## [Activity]
Set down the data below without change, skipping the pictures it holds.

[Collected data]
::::::

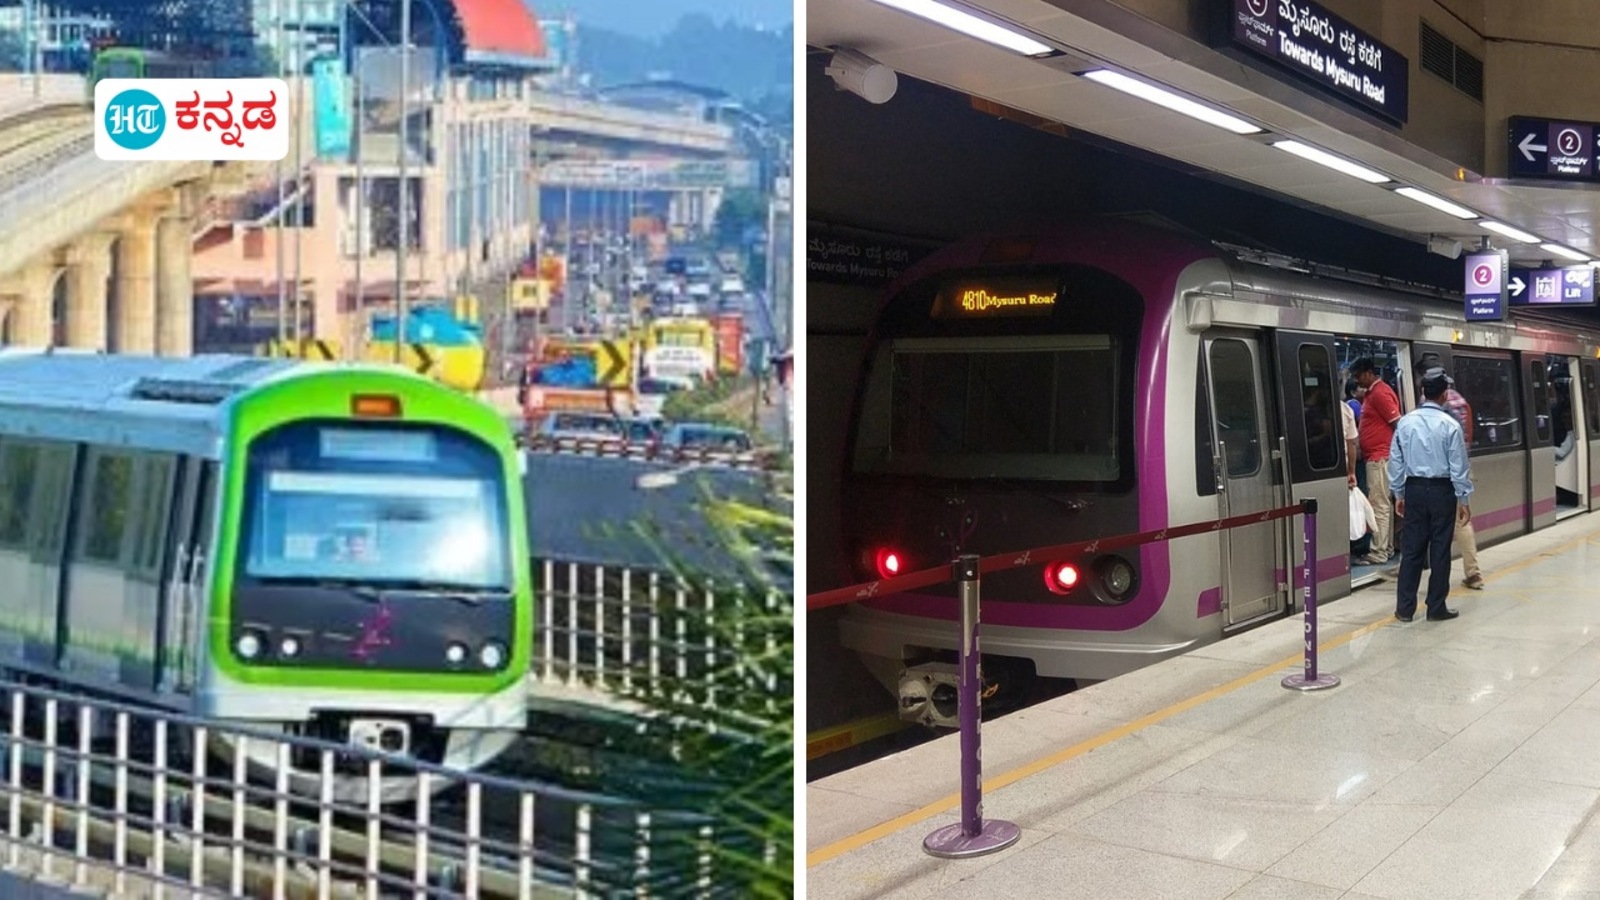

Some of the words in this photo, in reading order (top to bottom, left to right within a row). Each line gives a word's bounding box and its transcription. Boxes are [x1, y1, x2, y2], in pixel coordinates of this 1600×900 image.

[1278, 30, 1324, 73] Towards
[1326, 56, 1361, 92] Mysuru
[1362, 76, 1385, 105] Road
[1565, 135, 1575, 150] 2
[806, 258, 848, 273] Towards
[850, 263, 885, 278] Mysuru
[1479, 269, 1488, 282] 2
[962, 290, 987, 310] 4810
[987, 295, 1027, 308] Mysuru
[1565, 288, 1581, 298] Lift
[1303, 532, 1312, 669] LIFELONG
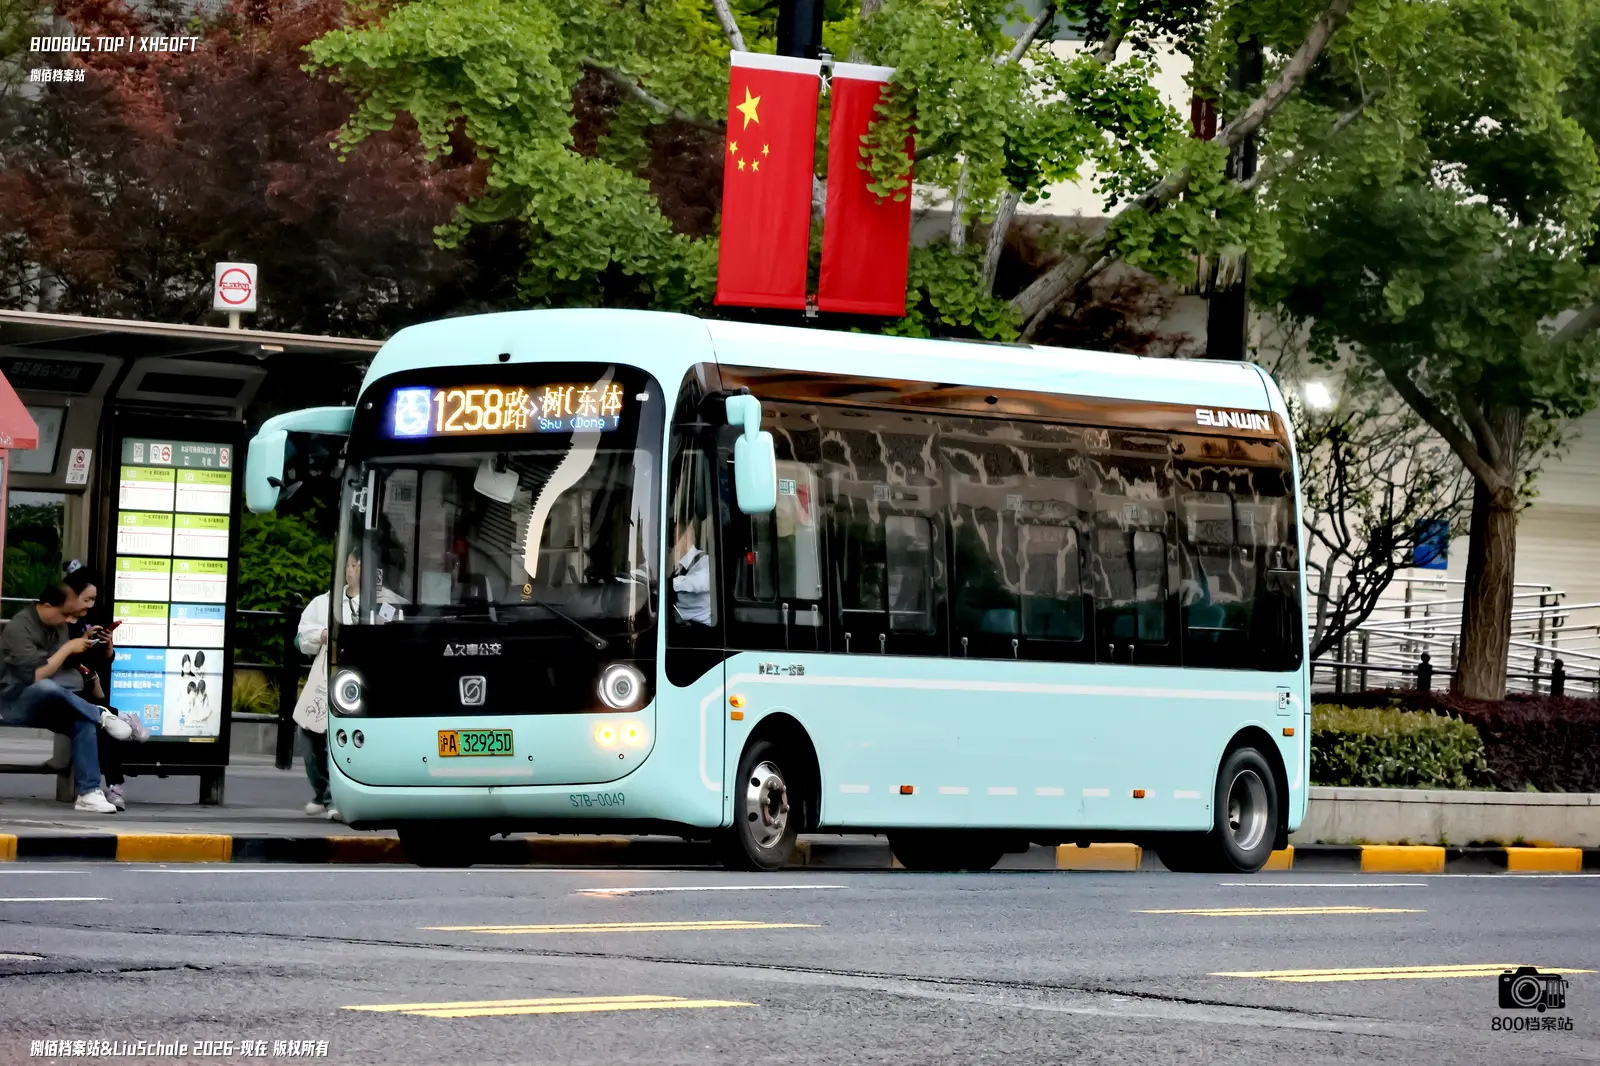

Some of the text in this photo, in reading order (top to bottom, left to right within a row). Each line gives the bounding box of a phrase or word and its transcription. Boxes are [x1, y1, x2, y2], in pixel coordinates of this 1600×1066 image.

[433, 388, 530, 431] 1258路
[540, 418, 562, 429] Shu
[1195, 408, 1271, 431] SUNWIN
[569, 792, 625, 807] S7B-0049
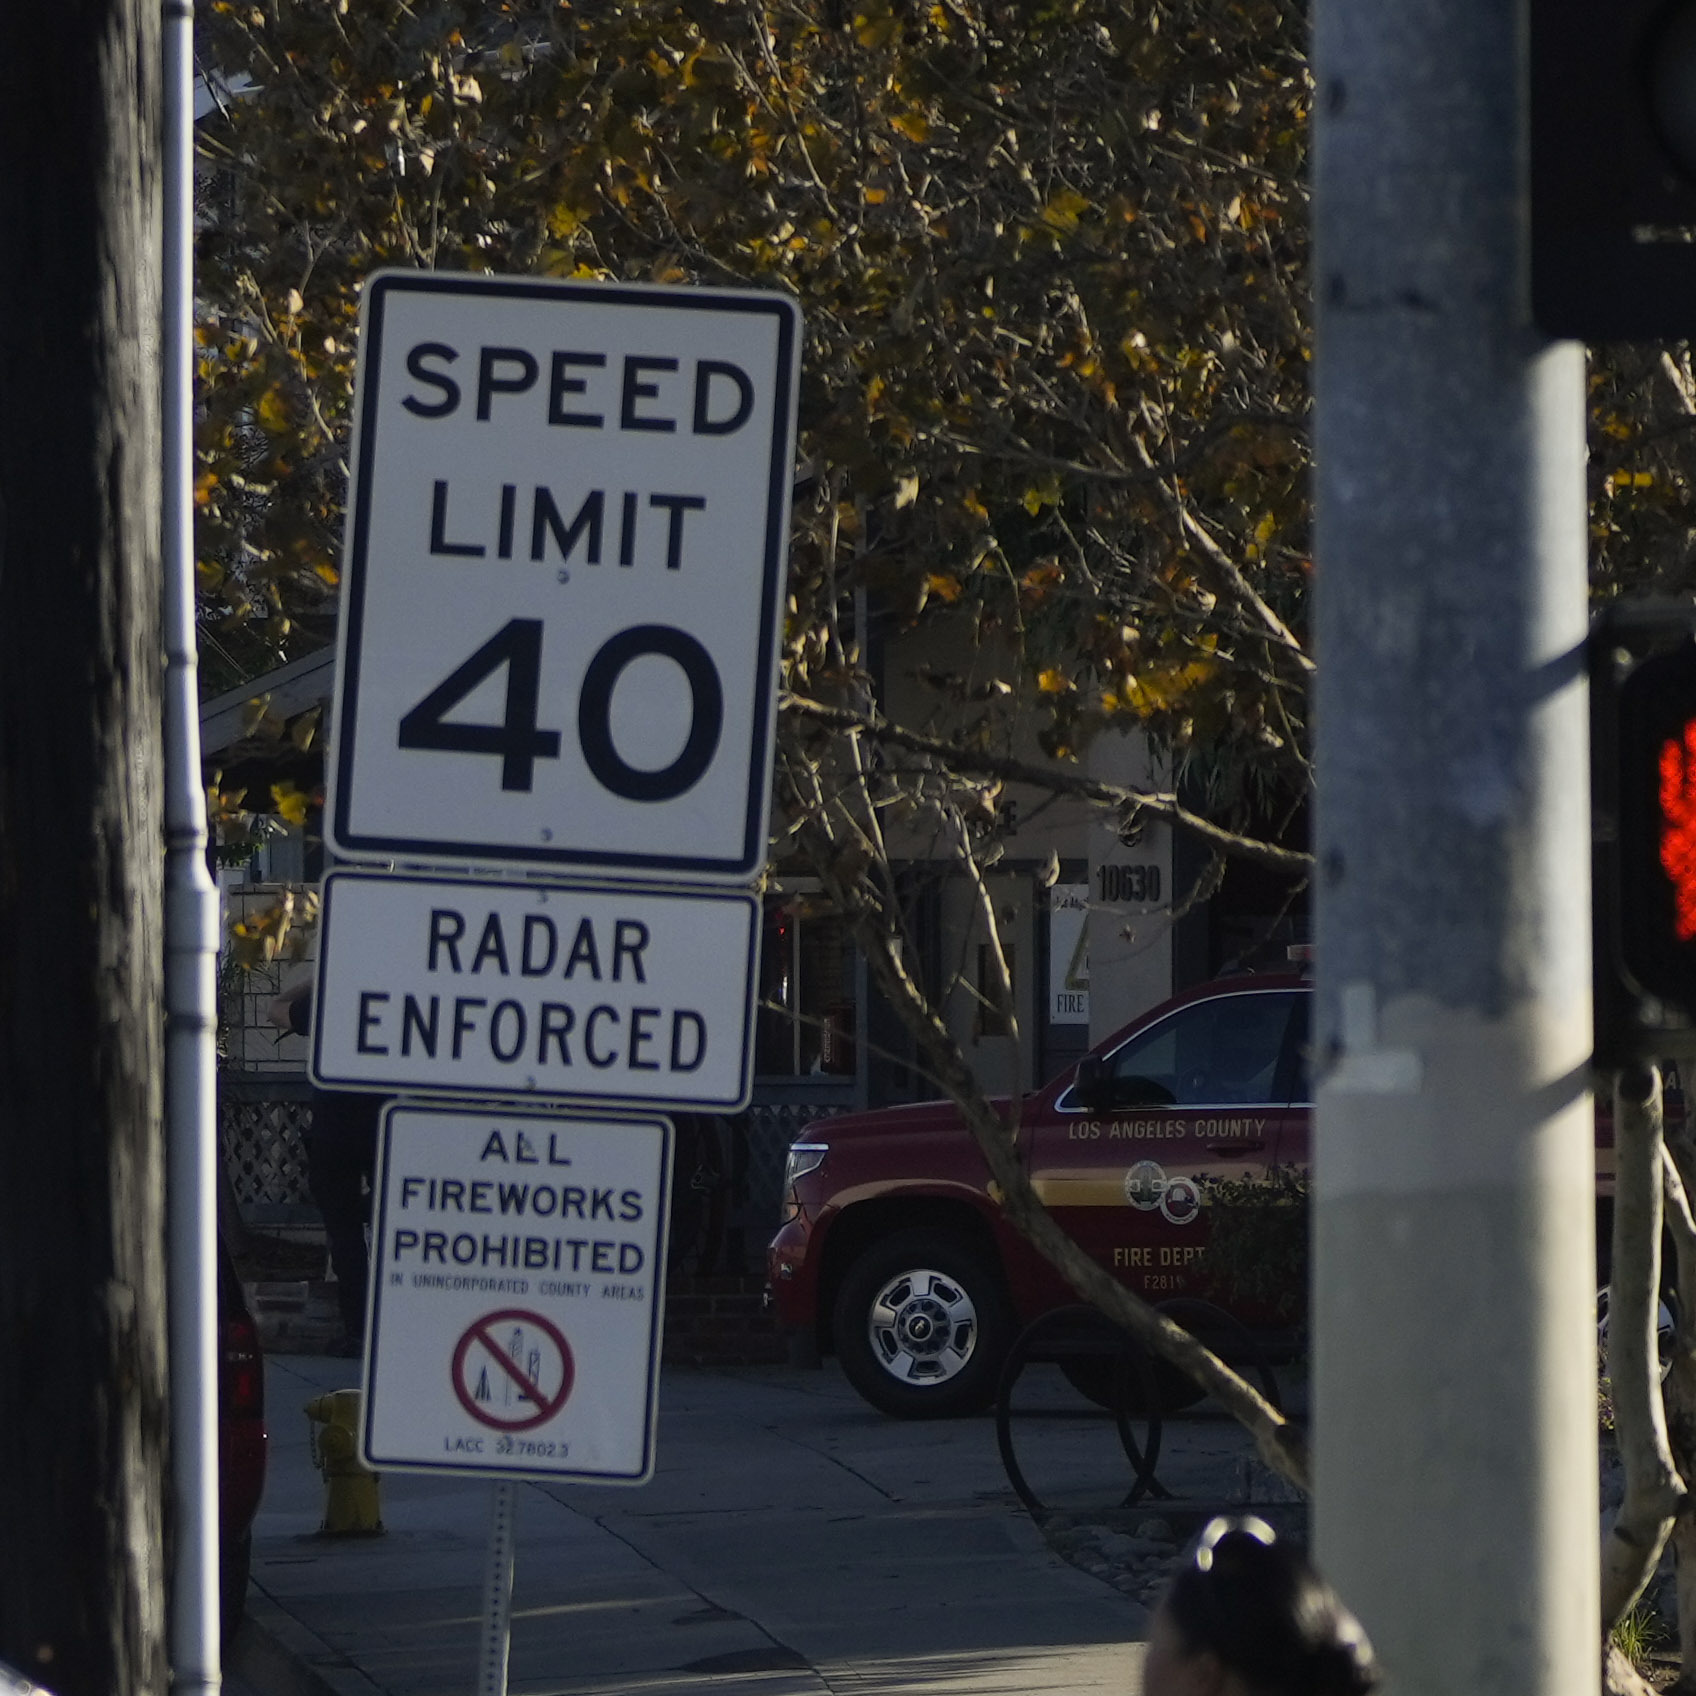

::::::

## [Response to this task]
Some of the words in this photo, in reading order (top to bottom, left to right within a row). Each line gives a word's bounding box and its transcription. Boxes are [x1, y1, x2, y2], in pixel coordinates of this 1600×900 image.

[1278, 30, 1324, 73] Towards
[1326, 56, 1361, 92] Mysuru
[1362, 76, 1385, 105] Road
[1565, 135, 1575, 150] 2
[806, 258, 848, 273] Towards
[850, 263, 885, 278] Mysuru
[1479, 269, 1488, 282] 2
[962, 290, 987, 310] 4810
[987, 295, 1027, 308] Mysuru
[1565, 288, 1581, 298] Lift
[1303, 532, 1312, 669] LIFELONG

Some of the text in this photo, in reading order (top to bottom, left to right within a row). Each line gives the bounding box of a phrase or word and its transcription. Boxes are [x1, y1, x2, y2], in pixel coordinates of this 1600×1066 image.

[433, 388, 530, 431] 1258路
[540, 418, 562, 429] Shu
[1195, 408, 1271, 431] SUNWIN
[569, 792, 625, 807] S7B-0049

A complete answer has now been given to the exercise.